### Directions:
Would you return each record that follows word for word, without its pictures?

### Data provided:
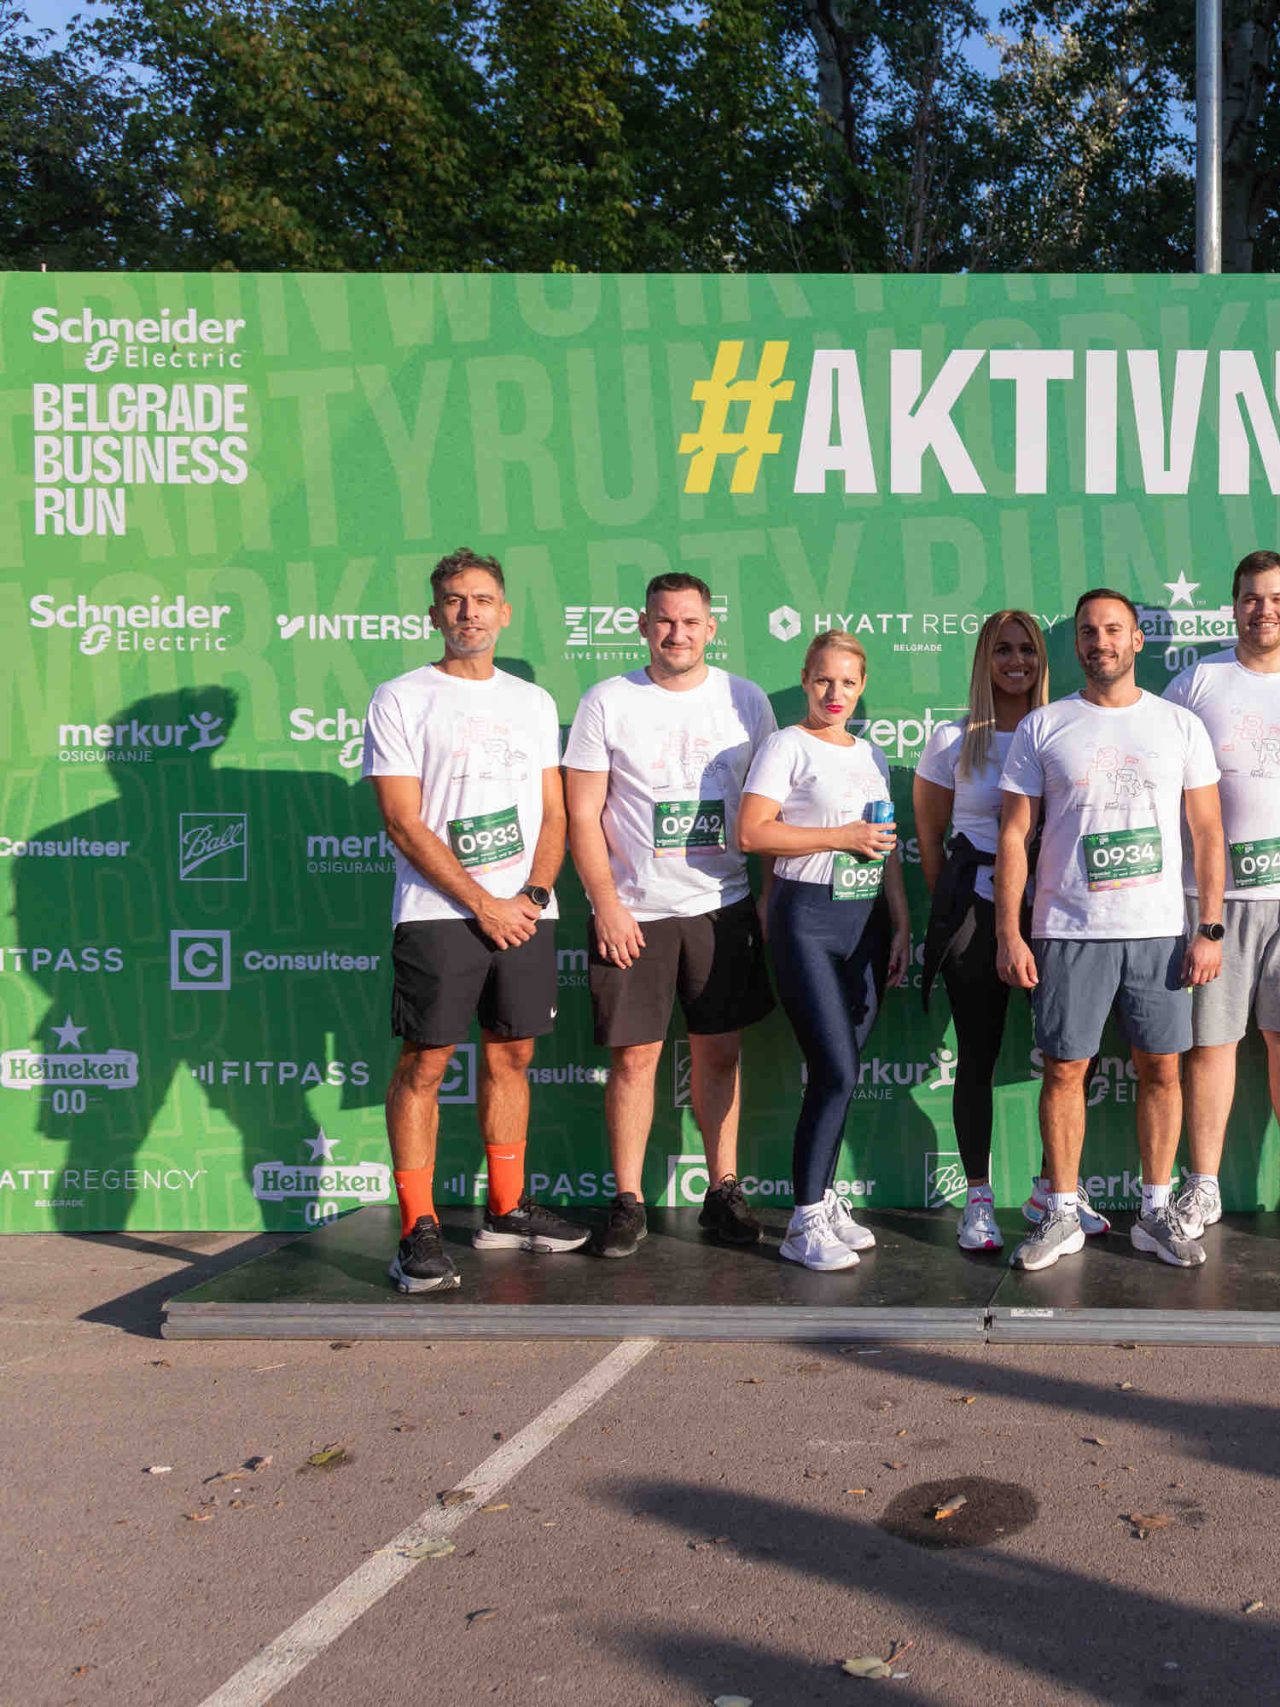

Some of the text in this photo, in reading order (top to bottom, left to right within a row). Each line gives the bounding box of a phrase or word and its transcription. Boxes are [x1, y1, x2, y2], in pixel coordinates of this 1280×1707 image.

[32, 306, 245, 344] Schneider
[125, 346, 243, 368] Electric
[34, 383, 248, 432] BELGRADE
[34, 435, 248, 484] BUSINESS
[35, 488, 125, 536] RUN
[30, 595, 231, 629] Schneider
[814, 613, 914, 634] HYATT
[117, 631, 228, 652] Electric
[59, 719, 189, 747] merkur
[59, 750, 152, 763] OSIGURANJE
[661, 815, 721, 835] 0942
[181, 822, 246, 877] Ball
[458, 823, 519, 854] 0933
[1093, 843, 1156, 868] 0934
[183, 942, 380, 978] C Consulteer
[8, 1058, 130, 1081] Heineken
[221, 1061, 370, 1086] FITPASS
[64, 1170, 200, 1190] REGENCY
[261, 1170, 382, 1193] Heineken
[474, 1174, 617, 1197] FPASS

### Solution for this task:
Some of the text in this photo, in reading order (top to bottom, left to right within a row). Each line gives the bounding box of a phrase or word and its transcription. Boxes are [x1, y1, x2, y2], in pixel coordinates of this 1280×1707 image.

[32, 306, 245, 344] Schneider
[125, 346, 243, 368] Electric
[34, 383, 248, 432] BELGRADE
[34, 435, 248, 484] BUSINESS
[35, 488, 125, 536] RUN
[30, 595, 231, 629] Schneider
[814, 613, 914, 634] HYATT
[117, 631, 228, 652] Electric
[59, 719, 189, 747] merkur
[59, 750, 152, 763] OSIGURANJE
[661, 815, 721, 835] 0942
[181, 822, 246, 877] Ball
[458, 823, 519, 854] 0933
[1093, 843, 1156, 868] 0934
[183, 942, 380, 978] C Consulteer
[8, 1058, 130, 1081] Heineken
[221, 1061, 370, 1086] FITPASS
[64, 1170, 200, 1190] REGENCY
[261, 1170, 382, 1193] Heineken
[474, 1174, 617, 1197] FPASS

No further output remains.